Asfalto bagnato e pioggia persistente, anche se più debole, nelle qualifiche Moto3 del GP di Gran Bretagna, e pole di Jaume Masiá, la sesta della sua carriera sportiva nel suo GP numero 100. Sarà il secondo della stagione per lui e ha un valore speciale perché è in piena operazione di rimonta, a soli 15 punti dal leader, un Holgado che partirà terzo nonostante abbia subito una brutta caduta in Q2, e non è stato l’unico della giornata per lui.
Ci sono solo 15 punti di differenza tra il primo e il secondo del generale, gli stessi che sono andati a terra nella sessione mattutina, ma nel pomeriggio l’inseguitore ha tenuto ed è stato favorito dalla bandiera gialla che ha causato alla fine della Q2 la caduta di Furusato.

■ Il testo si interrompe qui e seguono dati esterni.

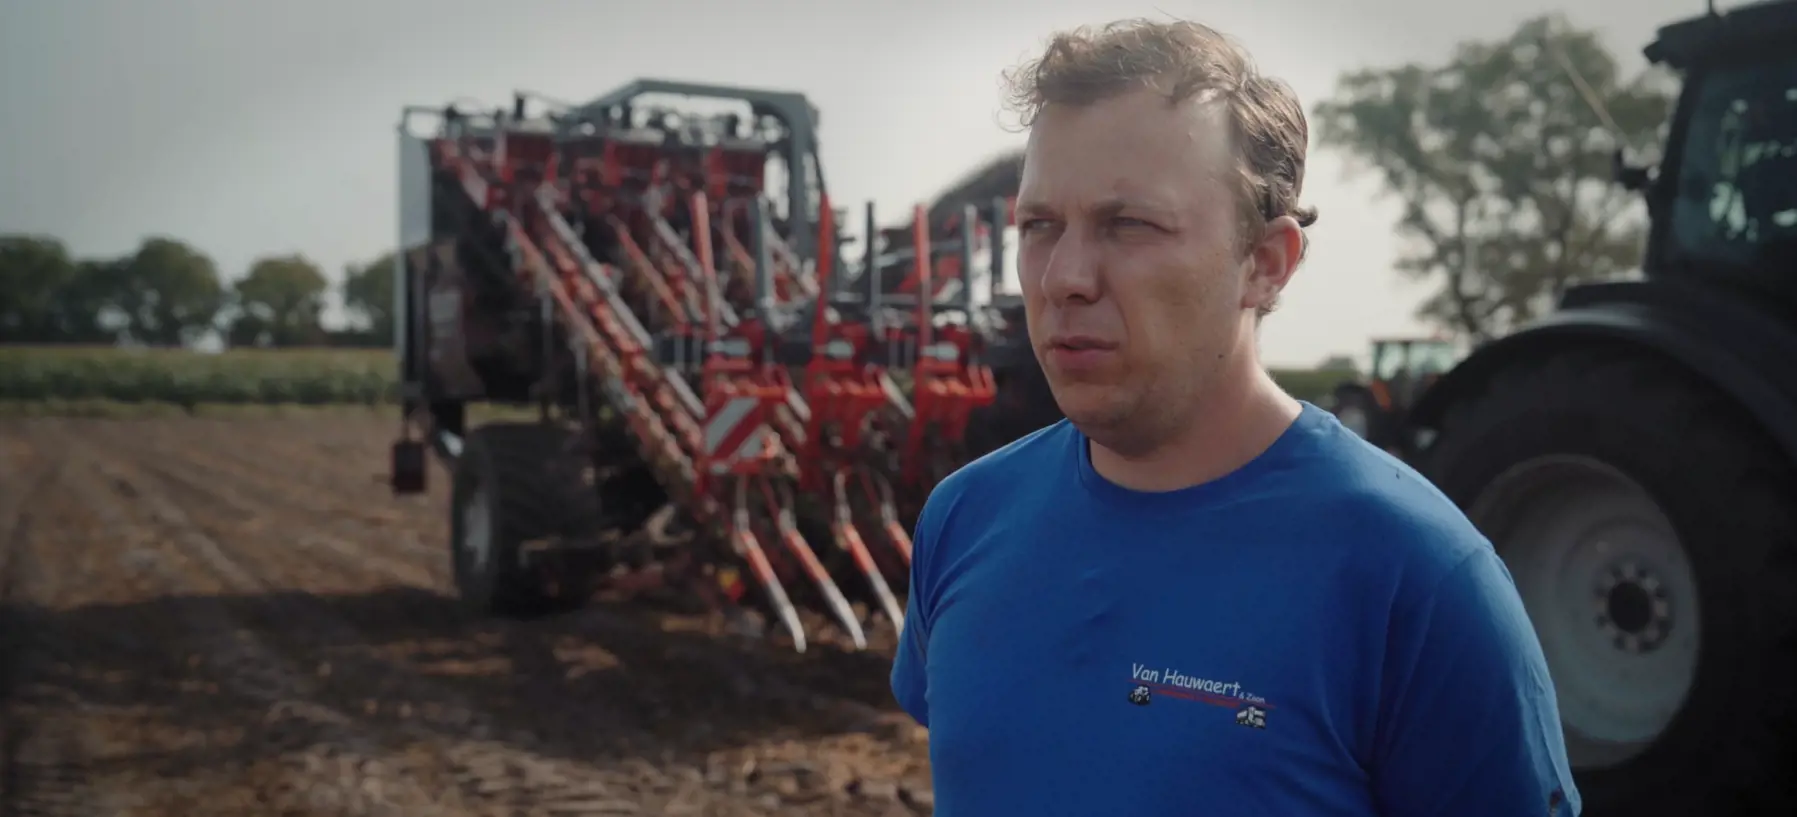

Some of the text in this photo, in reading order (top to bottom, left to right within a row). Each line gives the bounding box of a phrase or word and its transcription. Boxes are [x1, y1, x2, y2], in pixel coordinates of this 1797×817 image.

È successo in curva dall’entrata alla fine e questo ha significato la cancellazione dell’ultimo giro di Sasaki, Suzuki e Ogden, per non aver tagliato. Questi tre si sarebbero qualificati davanti a Masiá, ma la fortuna è dalla parte del valenciano di Algemesí in questi giorni.
Alla fine, la prima fila è stata per Masiá, Ogden e Holgado. Il secondo, per Riccardo Rossi, Kelso e Sasaski. Il terzo, per Ortolá, Öncü e Suzuki. Il quarto, per Nepa, Artigas e Farinelli. Il quinto, per Toba, Fenati e Bertelle. E il sesto, Rueda, Moreira e Furusato. Più indietro, 16° Salvador, 21° Carrasco e 23° Muñoz (caduta in Q1).